Victor Kiam, who heads Remington Products Inc. of Bridgeport, Conn., is another chief operating officer who has parlayed his forceful and driving personality into almost instant TV fame - and Remington fortune.
His commercial, perhaps the ultimate product testimonial, describes how he came to head the company: ''I was a dedicated blade shaver until my wife bought me a Remington microscreen shaver. . . . I was so impressed, I bought the company. Remington microscreen shaves as close as a blade, or I'll give you your money back.''
Since the commercials were aired four years ago, company profits have climbed dramatically, and the Remington work force has gone from 750 to more than 1,000 people. CEO Kiam has one slight regret, however. He used to like to grow a beard in the winter. Now, he doesn't dare go out of the house unshaven, a company spokesman says.
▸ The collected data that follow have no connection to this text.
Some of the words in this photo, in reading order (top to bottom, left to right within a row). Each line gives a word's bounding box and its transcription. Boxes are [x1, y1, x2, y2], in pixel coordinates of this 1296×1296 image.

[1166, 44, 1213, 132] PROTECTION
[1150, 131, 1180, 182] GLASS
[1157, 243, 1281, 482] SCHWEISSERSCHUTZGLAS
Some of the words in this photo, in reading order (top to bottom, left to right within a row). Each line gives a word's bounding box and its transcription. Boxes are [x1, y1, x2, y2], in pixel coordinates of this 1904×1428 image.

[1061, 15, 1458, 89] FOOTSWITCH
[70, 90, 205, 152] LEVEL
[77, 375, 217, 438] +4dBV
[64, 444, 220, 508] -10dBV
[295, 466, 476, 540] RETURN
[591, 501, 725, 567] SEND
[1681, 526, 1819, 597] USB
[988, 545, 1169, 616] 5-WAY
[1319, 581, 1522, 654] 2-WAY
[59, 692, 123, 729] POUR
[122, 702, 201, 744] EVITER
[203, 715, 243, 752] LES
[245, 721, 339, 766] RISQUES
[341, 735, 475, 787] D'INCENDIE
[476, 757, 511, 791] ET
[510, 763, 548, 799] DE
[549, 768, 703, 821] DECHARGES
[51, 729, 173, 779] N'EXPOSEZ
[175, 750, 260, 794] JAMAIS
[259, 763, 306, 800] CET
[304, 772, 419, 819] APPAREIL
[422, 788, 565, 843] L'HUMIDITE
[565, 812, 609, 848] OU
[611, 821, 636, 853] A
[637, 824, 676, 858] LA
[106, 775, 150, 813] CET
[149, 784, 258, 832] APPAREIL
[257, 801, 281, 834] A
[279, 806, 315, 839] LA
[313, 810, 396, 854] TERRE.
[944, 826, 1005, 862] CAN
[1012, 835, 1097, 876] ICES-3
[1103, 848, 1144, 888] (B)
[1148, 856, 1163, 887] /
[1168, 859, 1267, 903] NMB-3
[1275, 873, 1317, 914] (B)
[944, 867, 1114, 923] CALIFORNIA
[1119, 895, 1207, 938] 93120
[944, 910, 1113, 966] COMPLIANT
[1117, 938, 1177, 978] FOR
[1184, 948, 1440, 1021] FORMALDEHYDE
Some advertising industry analysts say it's unlikely that Iacocca, Perdue, and Frank Borman, CEO of Eastern Airlines, will stop appearing in commercials.
The analysts give several reasons. There is a conviction that buyers are better influenced by ''the man in charge.''
''There's a certain believability about them you don't get from trained actors,'' says a spokesman for the American Association of Advertising Agencies in New York.
''The casting of a commercial can make or break an ad campaign or an agency, '' says Wilder Baker, president and chief operating officer of Warwick Advertising Inc. ''A prime point is that a speaker (in a commercial) has to be in keeping with the character of the product.''
This credibility comes in handy, insiders say, when a company wants to to dramatically improve its public image, as has been the case with Chrysler.
One industry expert - who asked not to be named - says in some cases, vanity plays a role. One firm's commercials bombed so badly that sales dropped, he says. But the firm's chief executive continues to appear before the cameras despite the protests of his ad agency. He then fired the agency.
According to the mail that pours in to companies with CEOs doing commercials, a great many people take notice of the ads - even when the ads are heard on radio. Former New York Gov. Malcolm Wilson, chairman of the board of Manhattan Savings Bank, only makes radio commercials. But he says many people, including former New York Gov. Hugh Carey, have told him how much they enjoy his ''commercials on TV!''
The danger in this - as for all commercials - is that viewers' attention may become more focused on the ads than on the products. Madison Avenue's history books are filled with ''red ink'' examples of commercials that were better at selling themselves than the goods they represented.